## Exercise
Each line of the data below goes into the copy exactly; pictures do not.

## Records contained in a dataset
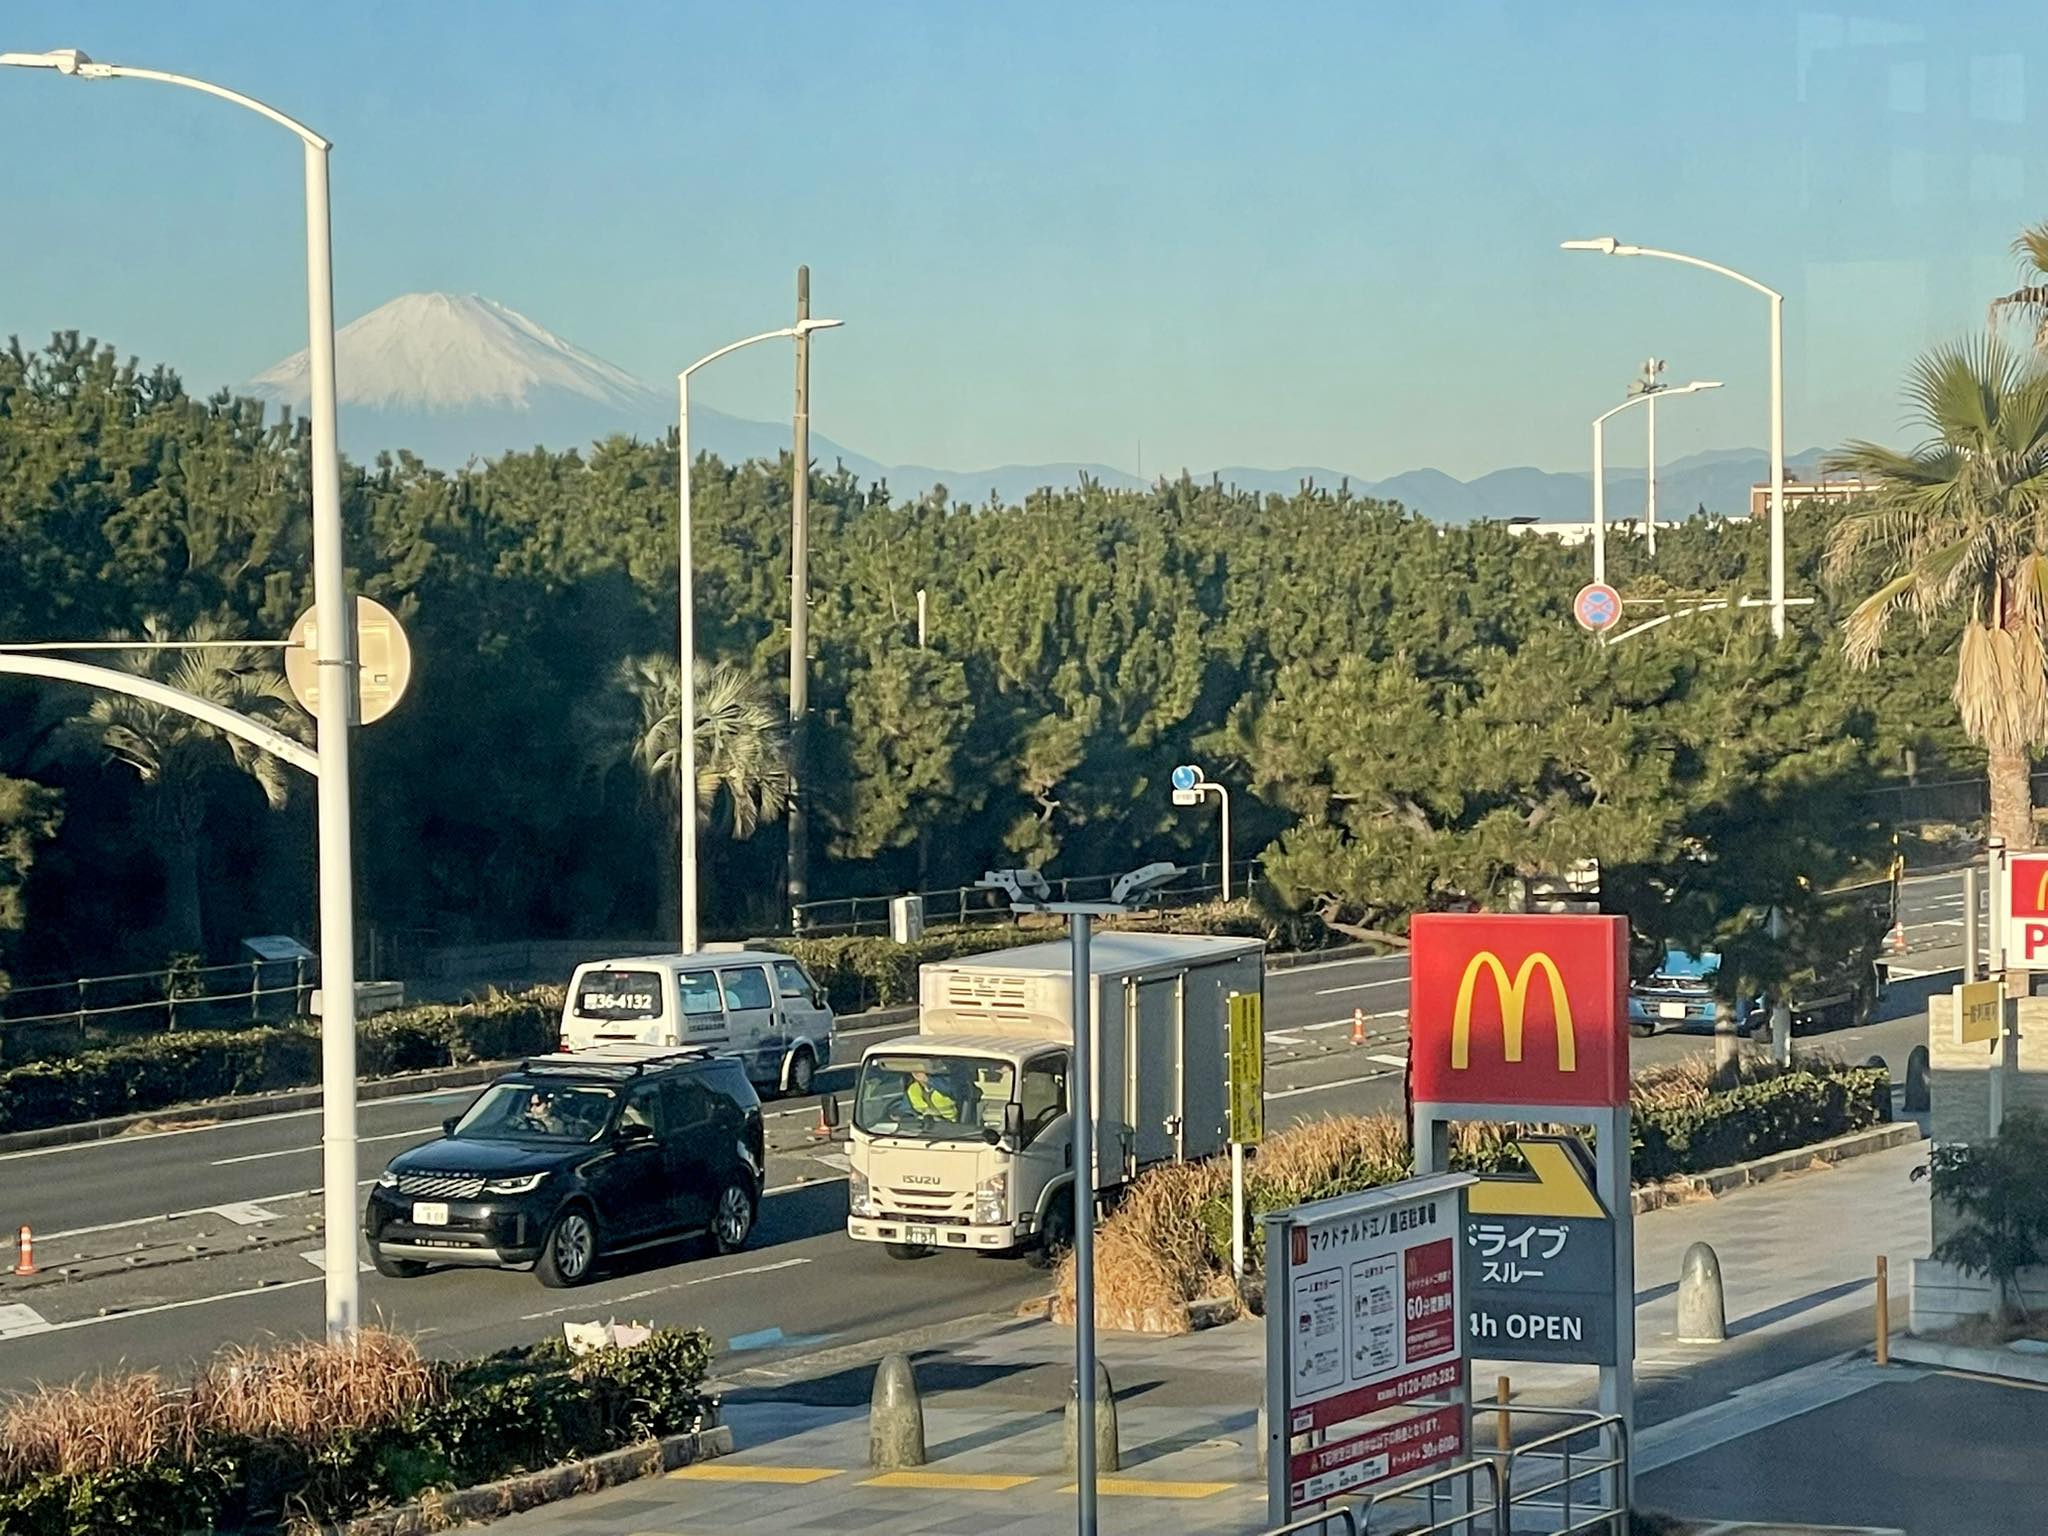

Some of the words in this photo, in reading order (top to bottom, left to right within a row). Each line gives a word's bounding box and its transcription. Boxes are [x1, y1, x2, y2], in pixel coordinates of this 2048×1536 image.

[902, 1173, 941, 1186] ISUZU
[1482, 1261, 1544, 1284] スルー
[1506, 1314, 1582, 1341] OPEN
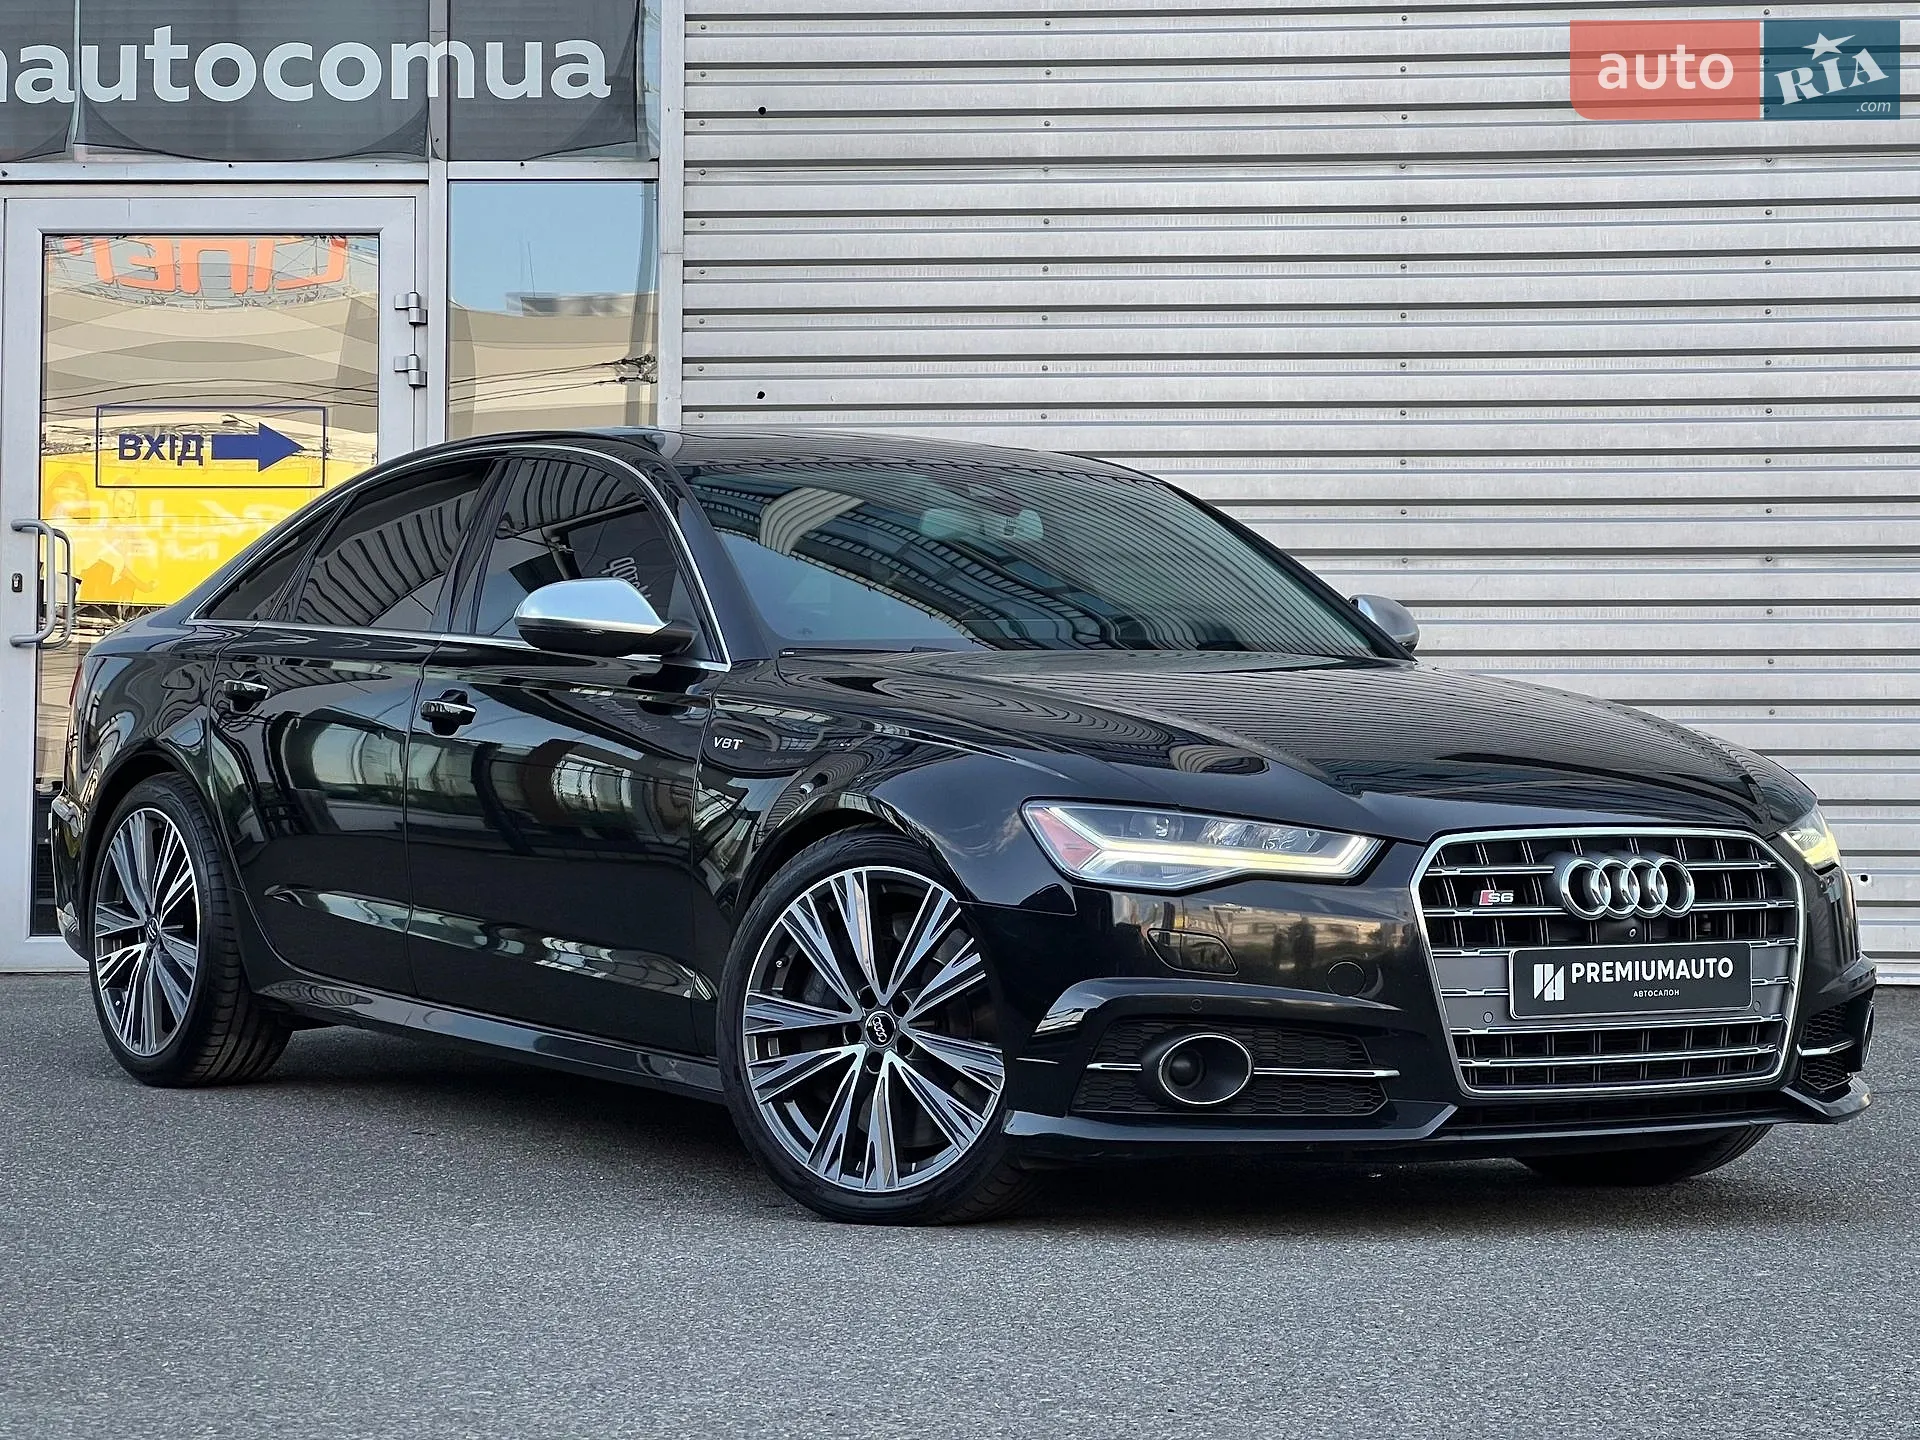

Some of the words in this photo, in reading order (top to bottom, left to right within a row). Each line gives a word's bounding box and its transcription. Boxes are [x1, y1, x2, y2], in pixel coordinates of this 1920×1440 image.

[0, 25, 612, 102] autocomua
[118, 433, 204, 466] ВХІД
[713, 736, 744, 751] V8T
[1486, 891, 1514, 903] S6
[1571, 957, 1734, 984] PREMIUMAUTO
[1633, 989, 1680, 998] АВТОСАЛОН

## Answer to this exercise
Some of the words in this photo, in reading order (top to bottom, left to right within a row). Each line gives a word's bounding box and its transcription. Boxes are [x1, y1, x2, y2], in pixel coordinates of this 2048×1536 image.

[902, 1173, 941, 1186] ISUZU
[1482, 1261, 1544, 1284] スルー
[1506, 1314, 1582, 1341] OPEN

Some of the words in this photo, in reading order (top to bottom, left to right within a row). Each line gives a word's bounding box and its transcription. Boxes are [x1, y1, x2, y2], in pixel coordinates of this 1920×1440 image.

[0, 25, 612, 102] autocomua
[118, 433, 204, 466] ВХІД
[713, 736, 744, 751] V8T
[1486, 891, 1514, 903] S6
[1571, 957, 1734, 984] PREMIUMAUTO
[1633, 989, 1680, 998] АВТОСАЛОН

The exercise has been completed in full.